# INSTRUCTIONS TO FOLLOW:
Repeat the records below verbatim and include no pictures.

[Text-to-region grounding data]

Segment Open

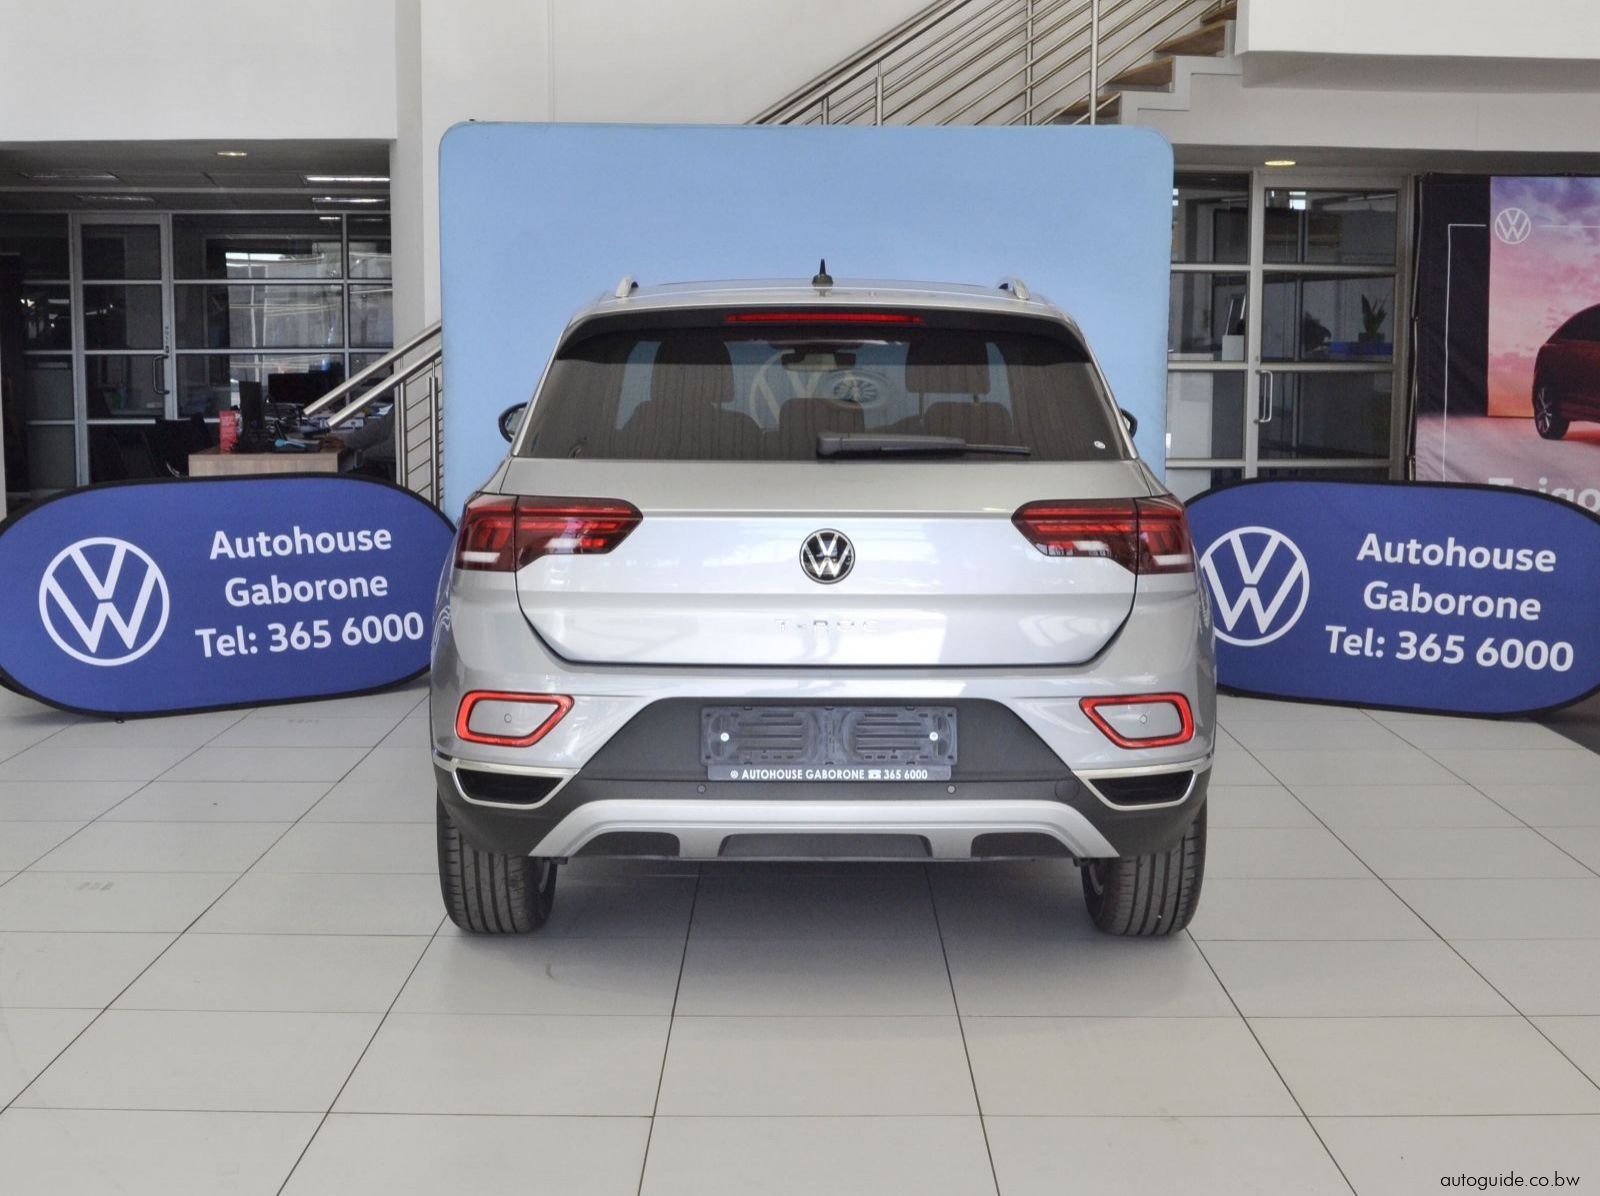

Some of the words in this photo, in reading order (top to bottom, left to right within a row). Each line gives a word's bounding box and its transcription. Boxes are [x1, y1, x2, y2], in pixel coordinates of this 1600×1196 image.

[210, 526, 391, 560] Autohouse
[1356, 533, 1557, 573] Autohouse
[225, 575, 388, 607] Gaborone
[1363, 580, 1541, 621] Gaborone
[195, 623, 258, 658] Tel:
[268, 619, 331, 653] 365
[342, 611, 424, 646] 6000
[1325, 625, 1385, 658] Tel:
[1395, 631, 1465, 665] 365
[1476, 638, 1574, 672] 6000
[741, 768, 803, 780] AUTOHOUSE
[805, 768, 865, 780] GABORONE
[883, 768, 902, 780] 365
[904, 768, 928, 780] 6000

Segment Closed

# THE COMPLETED TASK:
Some of the words in this photo, in reading order (top to bottom, left to right within a row). Each line gives a word's bounding box and its transcription. Boxes are [x1, y1, x2, y2], in pixel coordinates of this 1600×1196 image.

[210, 526, 391, 560] Autohouse
[1356, 533, 1557, 573] Autohouse
[225, 575, 388, 607] Gaborone
[1363, 580, 1541, 621] Gaborone
[195, 623, 258, 658] Tel:
[268, 619, 331, 653] 365
[342, 611, 424, 646] 6000
[1325, 625, 1385, 658] Tel:
[1395, 631, 1465, 665] 365
[1476, 638, 1574, 672] 6000
[741, 768, 803, 780] AUTOHOUSE
[805, 768, 865, 780] GABORONE
[883, 768, 902, 780] 365
[904, 768, 928, 780] 6000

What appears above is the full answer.